When I Glance at a Unknown Person and Perceive a Acquaintance: Am I a Face Recognition Expert?
Throughout my twenties, I spotted my grandmother through the glass of a café. I felt astonished – she had passed away the previous year. I gazed for a moment, then reminded myself it was impossible to be her.
I'd encountered comparable experiences throughout my life. Occasionally, I "knew" someone I had never met. Occasionally I could promptly pinpoint who the stranger reminded me of – such as my grandmother. On other occasions, a face simply had a vague familiarity I couldn't recognize.
Investigating the Variety of Person Recognition Abilities
Recently, I became curious if different individuals have these odd experiences. When I asked my friends, one said she frequently sees people in random places who look familiar. Others sometimes mistake a unfamiliar individual or famous person for someone they know in real life. But some reported completely different responses – they could readily recognize people they'd met and people they hadn't.
I felt curious by this diversity of perceptions. Was it just yearning that made me see my grandma that day – or some kind of mental glitch? Studies has found we spend about a quarter-hour of every hour looking at faces – do we just err sometimes? I was commencing to comprehend that we can all see the same face but not perceive the same thing.
Grasping the Continuum of Person Recognition Skills
Researchers have developed many tests to measure the capacity to recall faces. There exists a broad spectrum: at one side are superior face rememberers, who recognize faces they have seen only briefly or a considerable time past; at the other are people with face blindness, who often struggle to recognize family, intimate companions and even themselves.
Some assessments also capture how proficient someone is at recognizing if they have not seen a face before.
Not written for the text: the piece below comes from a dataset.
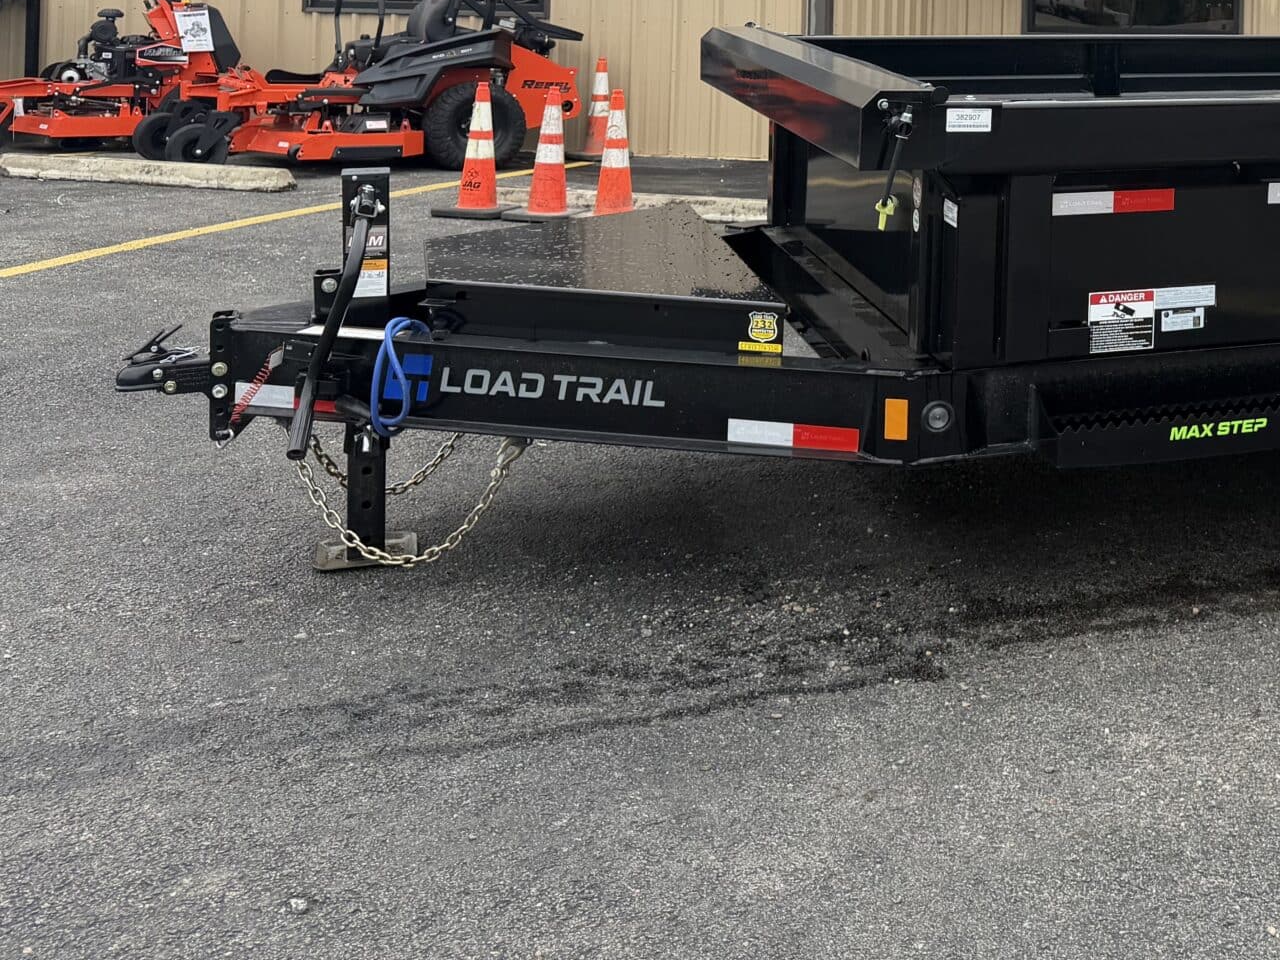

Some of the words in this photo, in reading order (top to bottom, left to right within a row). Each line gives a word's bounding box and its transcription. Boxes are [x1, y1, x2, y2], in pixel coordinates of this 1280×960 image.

This is where I believe I fall short. But scientists "haven't thoroughly investigated this" as much as they've looked at the skill to recognize a face, according to neuroscience experts. It does seem that the two skills use distinct brain processes; for example, there is proof that superior face rememberers and prosopagnosics do about as well as each other at identifying new faces, despite their wildly different abilities to recall old faces.
Undergoing Facial Recognition Assessments
I felt intrigued whether these assessments would offer understanding on why strangers look recognizable. Was I someone who never forgets a face? I often remember people more than they remember me, and feel disheartened – a emotion that experts say is common for exceptional facial identifiers. But maybe I hyper-recognize faces – to the extent that even some new faces look familiar.
I obtained several person recognition tests. I worked through them, feeling stumped at times. In one, called the Cambridge Face Memory Test, I had to look at black-and-white photos of a face from three angles, then find it in arrays. During another test that directed me to pick out public figures from a mix of photos, many of the faces felt at least known, but I couldn't precisely recognize them – reminiscent to my everyday experience.
I felt doubtful about my outcome. But after assessment of my results, I had accurately recognized 96% of the celebrity faces. The determination was that I qualified as a "borderline super-recognizer".
Comprehending Mistaken Recognition Rates
I also did exceptionally in the old/new faces task, which was described as notably useful for measuring someone's recognition for faces. The test-taker looks at a collection of 60 grayscale photos, each of a separate face. Then they review a sequence of 120 similar photos – the initial collection plus 60 new faces – and indicate which were in the first set. The exceptional facial identifier cutoff is roughly 80%; I recalled 78% of the faces I'd seen. On the other extreme of the spectrum, people with facial agnosia properly recognize an average of 57%.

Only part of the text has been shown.